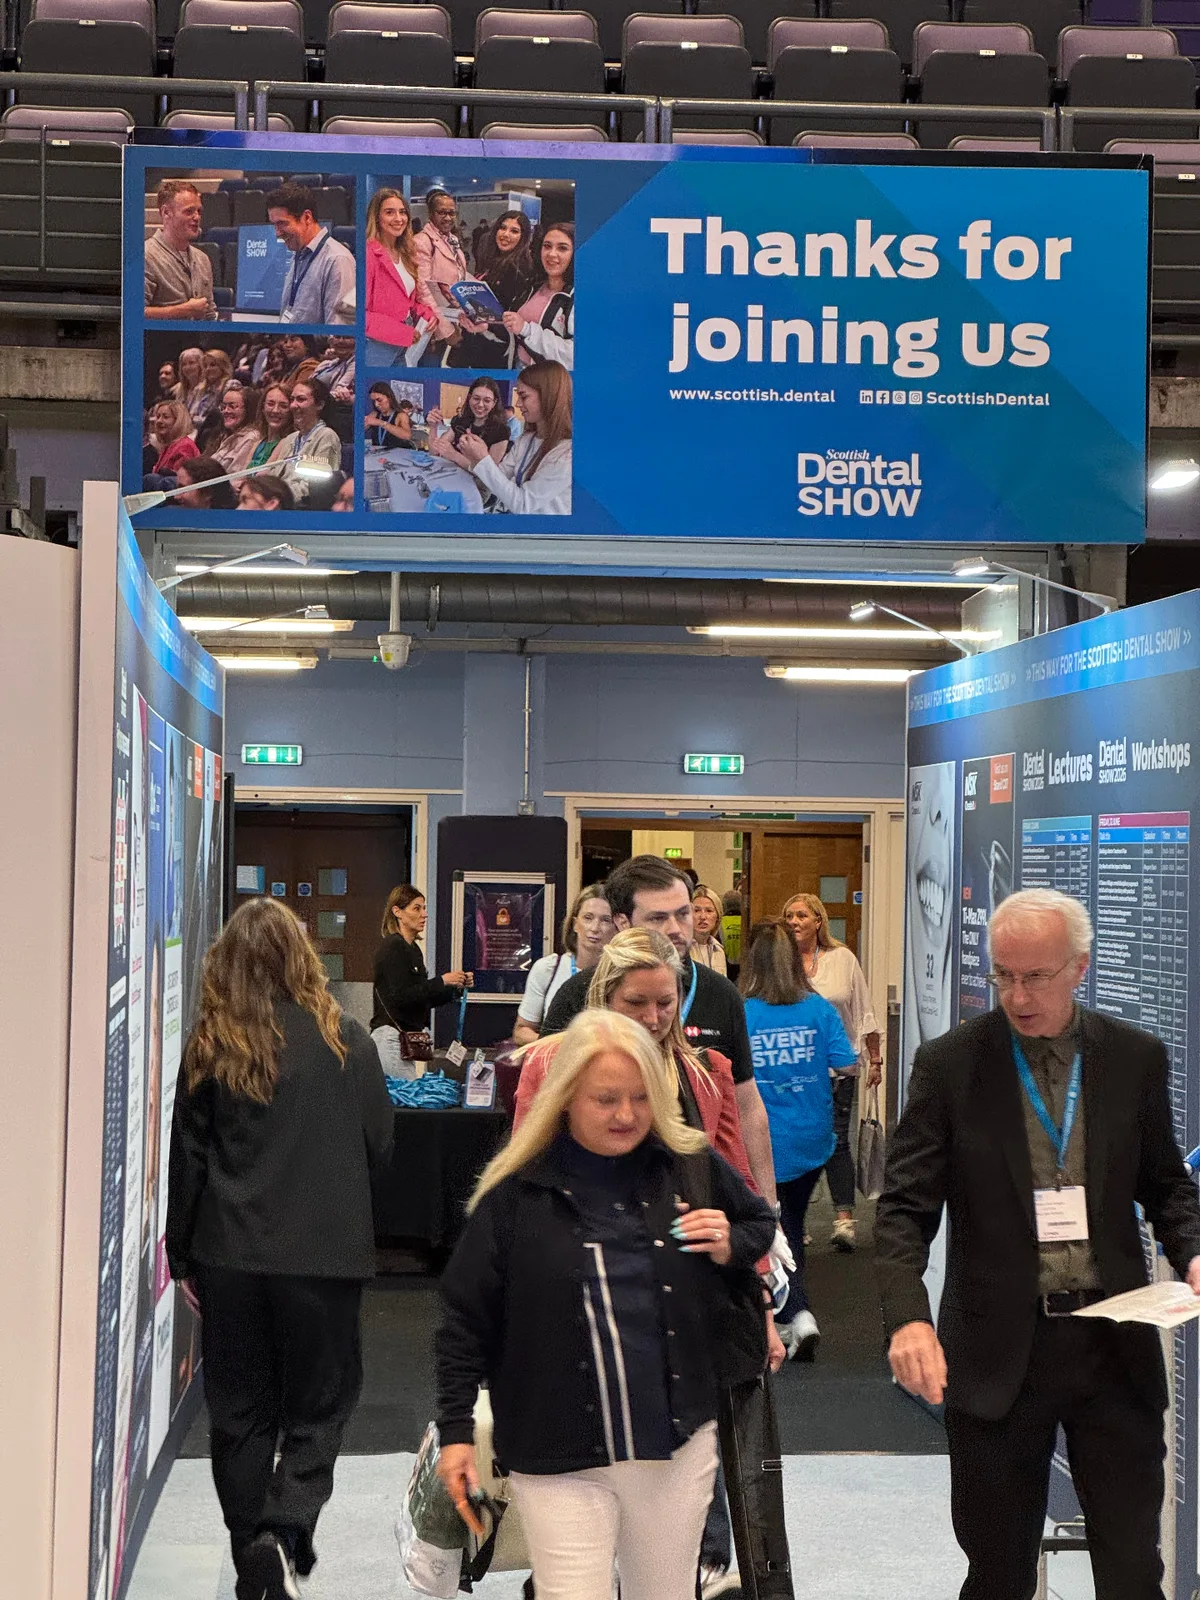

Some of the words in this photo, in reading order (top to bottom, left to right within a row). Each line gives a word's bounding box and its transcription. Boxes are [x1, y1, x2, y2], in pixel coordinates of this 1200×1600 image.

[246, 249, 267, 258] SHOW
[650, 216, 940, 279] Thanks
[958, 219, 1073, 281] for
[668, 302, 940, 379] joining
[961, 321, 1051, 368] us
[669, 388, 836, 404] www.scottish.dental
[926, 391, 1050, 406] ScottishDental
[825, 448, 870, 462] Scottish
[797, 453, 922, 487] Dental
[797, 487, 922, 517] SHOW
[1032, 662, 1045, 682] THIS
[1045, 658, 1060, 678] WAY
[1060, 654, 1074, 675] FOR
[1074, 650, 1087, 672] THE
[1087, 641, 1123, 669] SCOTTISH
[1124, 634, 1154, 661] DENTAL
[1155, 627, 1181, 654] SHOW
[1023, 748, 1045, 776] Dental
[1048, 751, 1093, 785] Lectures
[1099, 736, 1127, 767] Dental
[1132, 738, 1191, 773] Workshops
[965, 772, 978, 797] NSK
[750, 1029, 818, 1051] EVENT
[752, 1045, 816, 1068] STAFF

━━━━━━━━

- [TASK PROMPT]:
Output each entry verbatim; none of the pictures should be included.

- [FINISHED EXERCISE]:
Some of the words in this photo, in reading order (top to bottom, left to right within a row). Each line gives a word's bounding box and its transcription. Boxes are [x1, y1, x2, y2], in pixel coordinates of this 1200×1600 image.

[246, 249, 267, 258] SHOW
[650, 216, 940, 279] Thanks
[958, 219, 1073, 281] for
[668, 302, 940, 379] joining
[961, 321, 1051, 368] us
[669, 388, 836, 404] www.scottish.dental
[926, 391, 1050, 406] ScottishDental
[825, 448, 870, 462] Scottish
[797, 453, 922, 487] Dental
[797, 487, 922, 517] SHOW
[1032, 662, 1045, 682] THIS
[1045, 658, 1060, 678] WAY
[1060, 654, 1074, 675] FOR
[1074, 650, 1087, 672] THE
[1087, 641, 1123, 669] SCOTTISH
[1124, 634, 1154, 661] DENTAL
[1155, 627, 1181, 654] SHOW
[1023, 748, 1045, 776] Dental
[1048, 751, 1093, 785] Lectures
[1099, 736, 1127, 767] Dental
[1132, 738, 1191, 773] Workshops
[965, 772, 978, 797] NSK
[750, 1029, 818, 1051] EVENT
[752, 1045, 816, 1068] STAFF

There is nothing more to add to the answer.